Verfasst: Mittwoch 5. Juni 2019, 10:27
von tutu10
Simple comparison thingy. I have two lists and I want to compare if a value is larger than a value in the other list. The result is correct, however the structure is broken, I want the structure of the result list the same as the elements list.

Code: Alles auswählen

comparelist = [0, 3000, 6000]
elements = [[3], [4, 400], [3,4222]]
result = []
 
for element in elements:    
    for e in element:
        t = []
        count = -1       
        for c in comparelist:
            if e > c:
                count +=1
            else:
                t.append(comparelist[count])
                break       
    result.append(t)
print(result)
 
#Results in [[0], [0], [0], [0], [3000]]
 
#I need [[0], [0, 0], [0, 3000]]
Somewhat more pythonic way to write things ( I guess ... still learning )

Code: Alles auswählen

comparelist = [0, 3000, 6000]
elements = [[3], [4, 400], [3,4222]]
result = []
 
for element in elements:    
    for e in element:
        t = []           
        for index, value in enumerate(comparelist,-1):
            if e > value:
                pass
            else:
                t.append(comparelist[index])
                break       
    result.append(t)
print(result)
What am I doing wrong / what am I missing?

Re: maintaining list order

Verfasst: Mittwoch 5. Juni 2019, 11:00
von noisefloor
Hi,

@tutu10: in case you did not realize - the language of this board is German, not English. Although it's not impossible that you get an answer, it a bit more unlikely.

Gruß, noisefloor

Re: maintaining list order

Verfasst: Mittwoch 5. Juni 2019, 11:43
von __blackjack__
@tutu10: Could you explain what you actually want to do/solve here? I don't understand why/how you would arrive at ``[[0], [0, 0], [0, 3000]]`` as result for the given input data.

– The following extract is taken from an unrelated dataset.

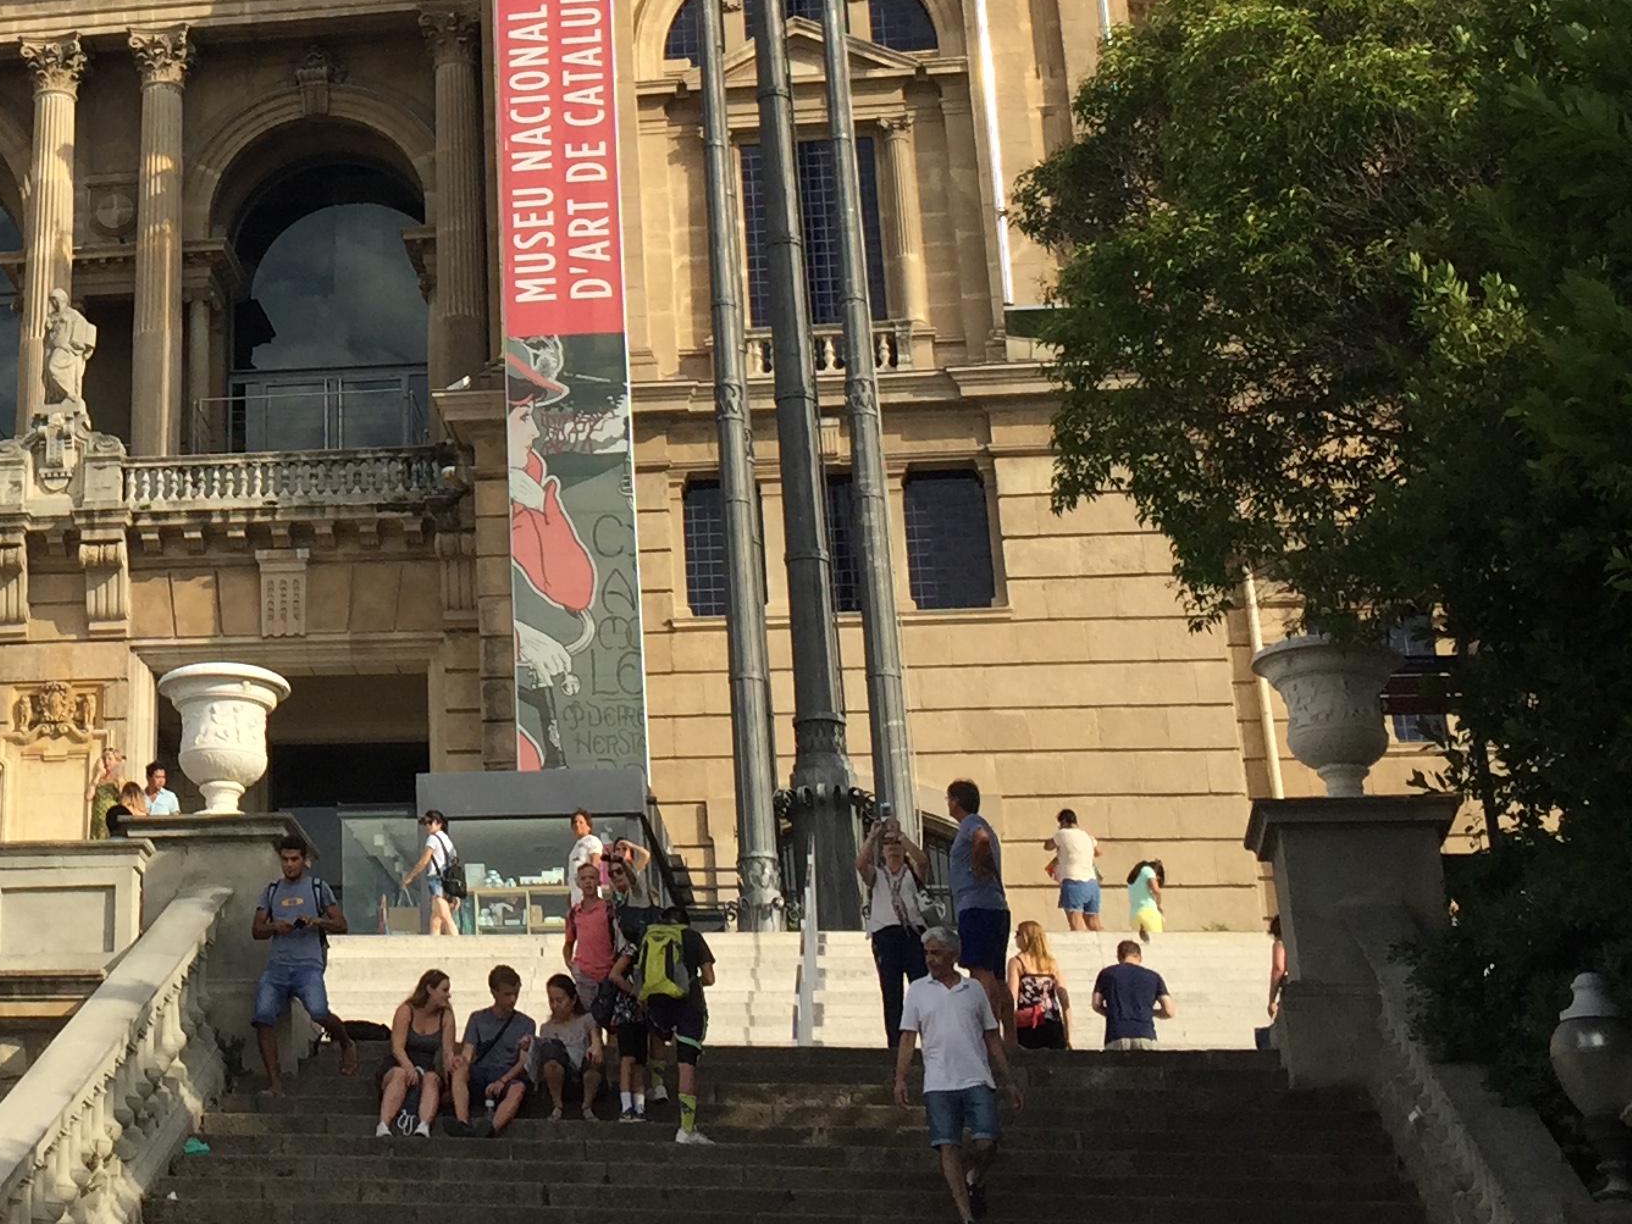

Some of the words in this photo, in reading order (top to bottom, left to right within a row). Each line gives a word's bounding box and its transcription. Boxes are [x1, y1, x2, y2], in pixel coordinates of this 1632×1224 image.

The structure seems to be the same as ``elements`` but why/how do you want to decide if an element is 0 or something different?

Re: maintaining list order

Verfasst: Mittwoch 5. Juni 2019, 14:37
von ThomasL
Just initialize the empty list "t" at the right spot :-)

Code: Alles auswählen

comparelist = [0, 3000, 6000]
elements = [[3], [4, 400], [3,4222]]
result = []
 
for element in elements:
    t = []
    for e in element:
        for index, value in enumerate(comparelist,-1):
            if e > value:
                pass
            else:
                t.append(comparelist[index])
                break
    result.append(t)
    
print(result)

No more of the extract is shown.